Excerpts from a dataset
****

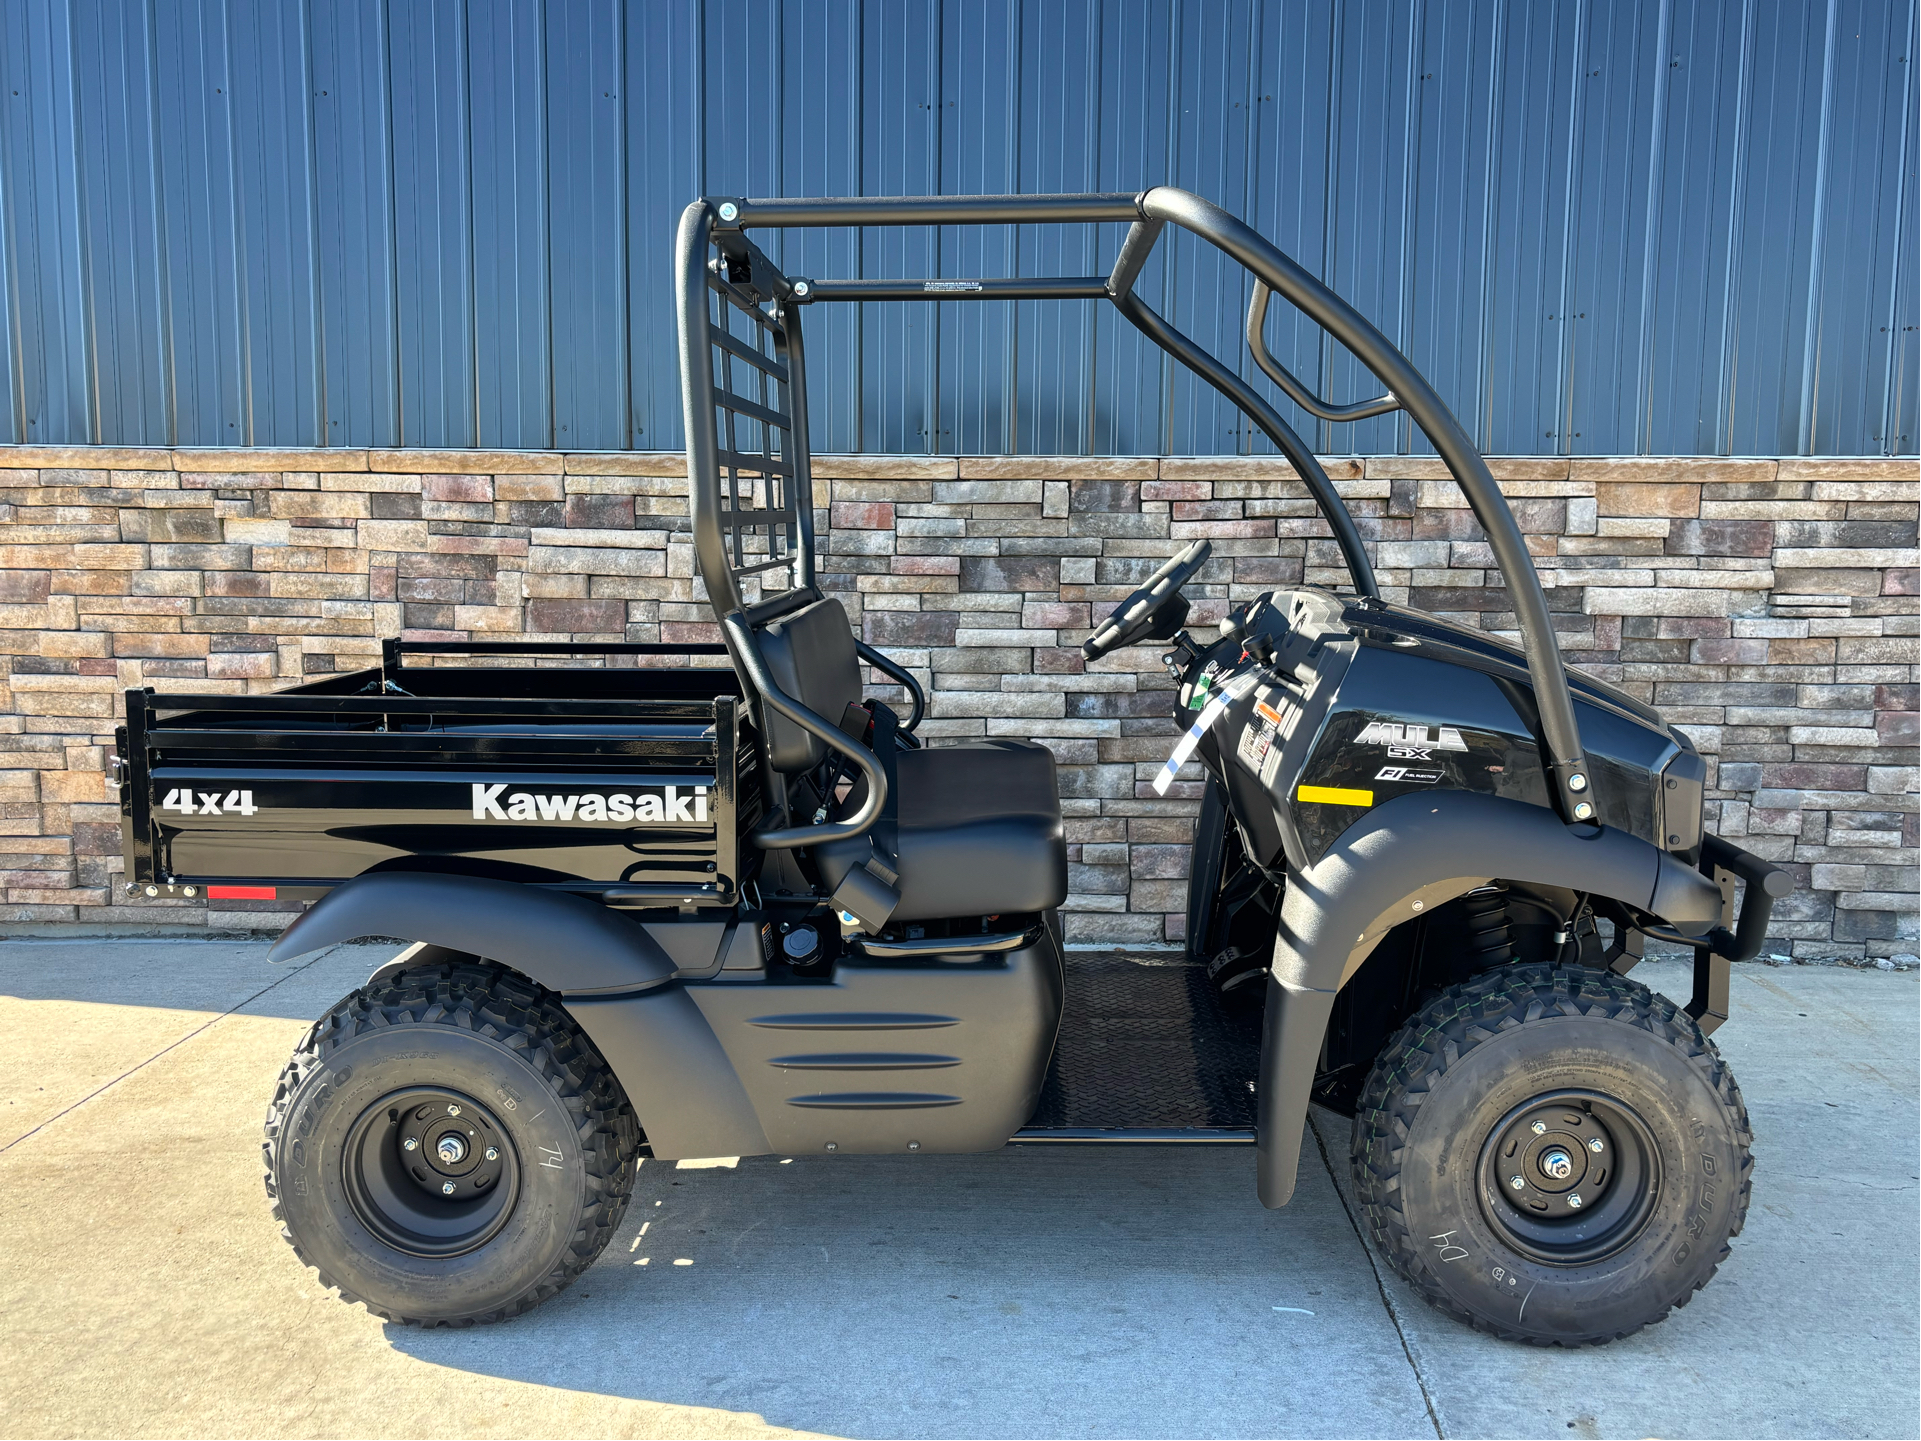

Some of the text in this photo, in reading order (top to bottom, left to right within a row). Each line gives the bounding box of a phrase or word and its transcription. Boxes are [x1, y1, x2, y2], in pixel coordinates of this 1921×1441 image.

[1353, 722, 1469, 752] MULE
[1387, 746, 1433, 761] SX
[1380, 769, 1401, 778] FI
[162, 788, 258, 816] 4x4
[472, 783, 708, 822] Kawasaki
[291, 1064, 354, 1169] DURO
[1671, 1152, 1718, 1267] DURO
[1428, 1229, 1470, 1264] D4
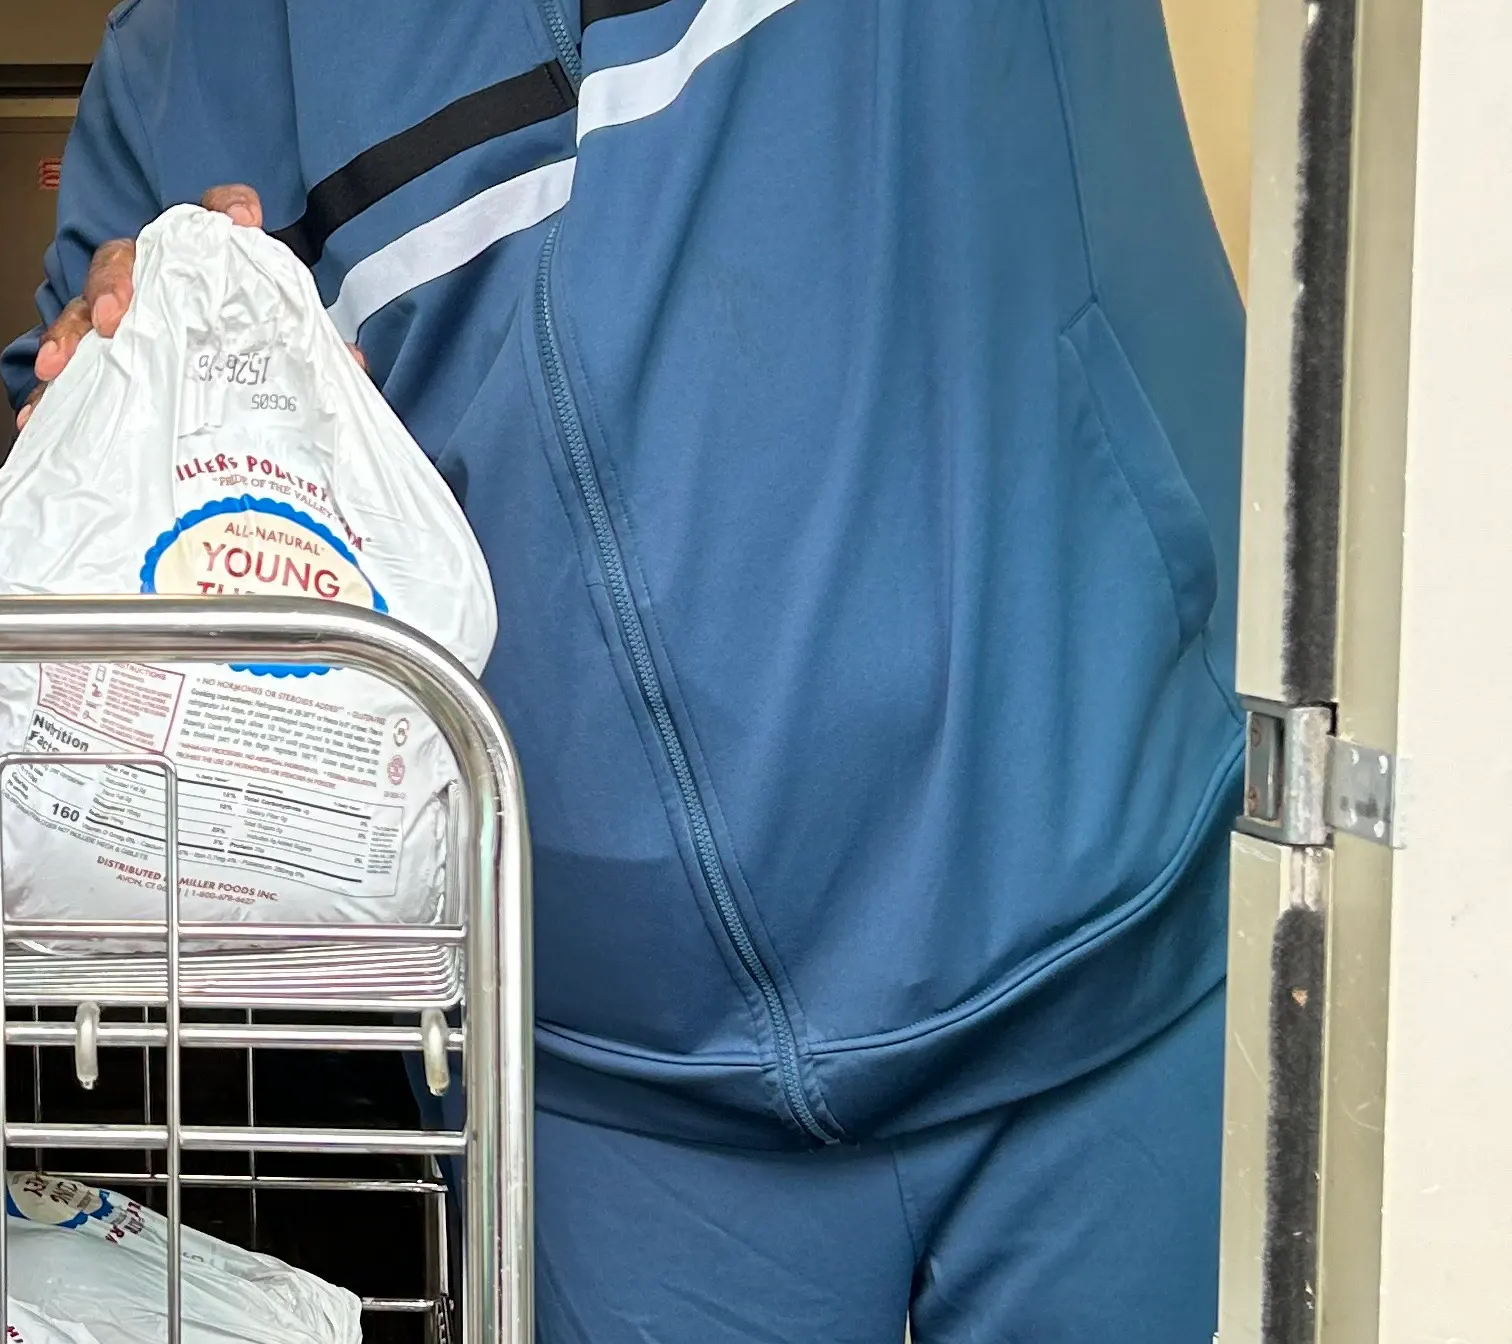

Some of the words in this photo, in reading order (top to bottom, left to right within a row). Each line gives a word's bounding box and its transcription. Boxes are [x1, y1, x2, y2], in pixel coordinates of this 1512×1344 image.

[251, 478, 266, 488] OF
[268, 481, 291, 495] THE
[202, 541, 341, 598] YOUNG
[202, 678, 215, 686] NO
[265, 689, 276, 698] OR
[33, 713, 90, 752] Nutrition
[52, 803, 80, 822] 160
[96, 855, 162, 881] DISTRIBUTED
[179, 877, 215, 890] MILLER
[218, 882, 255, 896] FOODS
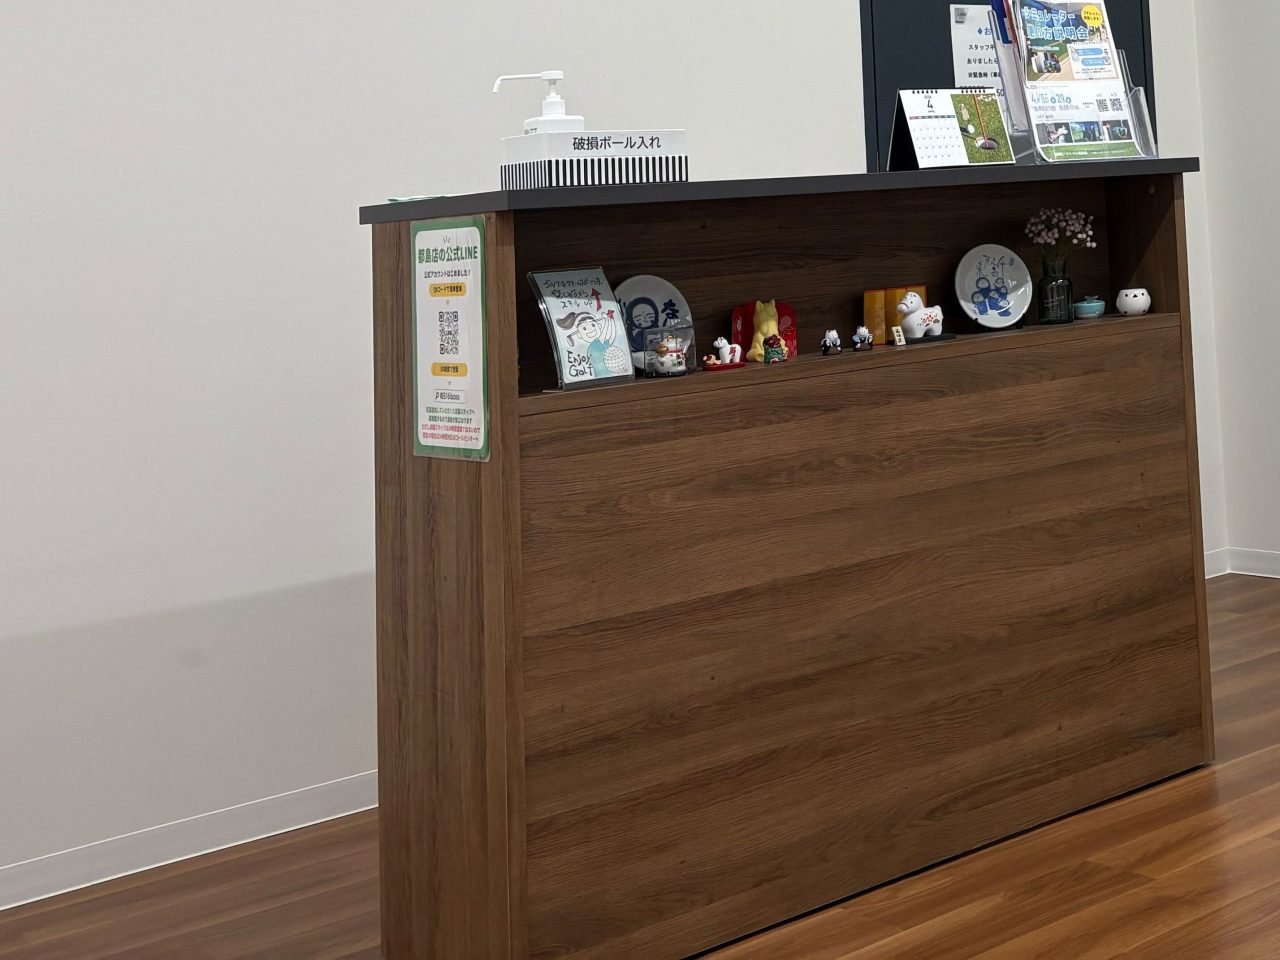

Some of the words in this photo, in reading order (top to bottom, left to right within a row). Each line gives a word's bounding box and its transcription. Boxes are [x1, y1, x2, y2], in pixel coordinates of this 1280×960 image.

[573, 136, 661, 150] 破損ボール入れ
[418, 245, 477, 263] 都島店の公式LINE
[567, 349, 593, 367] Enjoy
[568, 364, 594, 378] Golf

****

- **About this exercise**
Repeat every entry exactly. Do not include the pictures.

- **Result of this task**
Some of the text in this photo, in reading order (top to bottom, left to right within a row). Each line gives the bounding box of a phrase or word and its transcription. Boxes are [x1, y1, x2, y2], in pixel coordinates of this 1921×1441 image.

[1353, 722, 1469, 752] MULE
[1387, 746, 1433, 761] SX
[1380, 769, 1401, 778] FI
[162, 788, 258, 816] 4x4
[472, 783, 708, 822] Kawasaki
[291, 1064, 354, 1169] DURO
[1671, 1152, 1718, 1267] DURO
[1428, 1229, 1470, 1264] D4

Some of the words in this photo, in reading order (top to bottom, left to right within a row). Each line gives a word's bounding box and its transcription. Boxes are [x1, y1, x2, y2], in pixel coordinates of this 1512×1344 image.

[251, 478, 266, 488] OF
[268, 481, 291, 495] THE
[202, 541, 341, 598] YOUNG
[202, 678, 215, 686] NO
[265, 689, 276, 698] OR
[33, 713, 90, 752] Nutrition
[52, 803, 80, 822] 160
[96, 855, 162, 881] DISTRIBUTED
[179, 877, 215, 890] MILLER
[218, 882, 255, 896] FOODS

Some of the words in this photo, in reading order (top to bottom, left to right within a row). Each line gives a word's bounding box and its transcription. Boxes are [x1, y1, x2, y2], in pixel coordinates of this 1280×960 image.

[573, 136, 661, 150] 破損ボール入れ
[418, 245, 477, 263] 都島店の公式LINE
[567, 349, 593, 367] Enjoy
[568, 364, 594, 378] Golf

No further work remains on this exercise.